In the same symposium, Dorothy Schafer of Harvard University, Boston, Massachusetts, outlined some possibilities of how immune system activation may sculpt the brain’s networks. She focused on the immune system's complement cascade molecules C1q and C3, which have an unexpected role in synaptic pruning (Stevens et al., 2007). Schafer presented mouse data suggesting that these molecules tag weak synapses between retinal ganglion cells and lateral geniculate neurons for removal, and that microglia then recognize these tags and come to engulf the synapses, disposing of them as though they were pathogens.
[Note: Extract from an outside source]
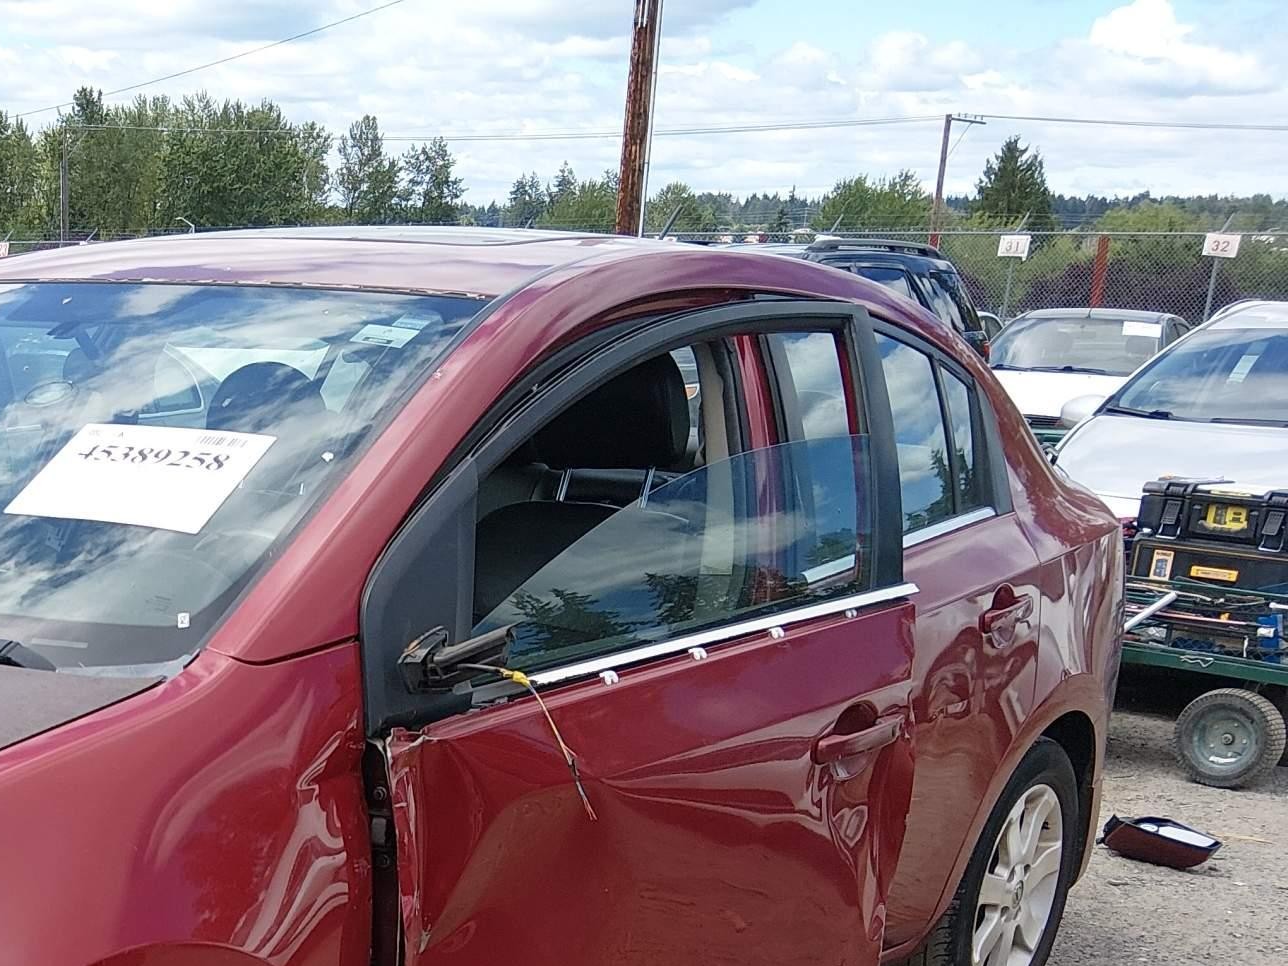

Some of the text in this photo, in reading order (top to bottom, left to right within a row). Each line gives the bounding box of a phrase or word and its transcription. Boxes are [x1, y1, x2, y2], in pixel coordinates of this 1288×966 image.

[1004, 241, 1021, 253] 31
[1210, 239, 1231, 253] 32
[78, 444, 230, 471] 45389258
Though there is some evidence for abnormal microglia activation in schizophrenia (Garey, 2010), the specific involvement of the complement cascade in the disorder is so far unclear.
The return of MHC
During the Tuesday plenary session, Peter McGuffin of Kings College, London, U.K., gave a primer on a molecule that has helped revive interest in the immune system in schizophrenia—the major histocompatibility complex (MHC). Over three decades ago, McGuffin’s work into the genetic basis of schizophrenia led him to the region of chromosome 6 containing the MHC—a 3.6 Mb region containing 140 genes, half with immune system function like complement system molecules and cytokines. This lead eventually fizzled out, but MHC is now making a comeback, given the latest GWAS, which finds signals in the region (see SRF related news story). The region is a Pandora’s box of variability, making it difficult to pinpoint the exact location of the association signal, and McGuffin wagered that there is a 50-50 chance that it is immune related.—Michele Solis.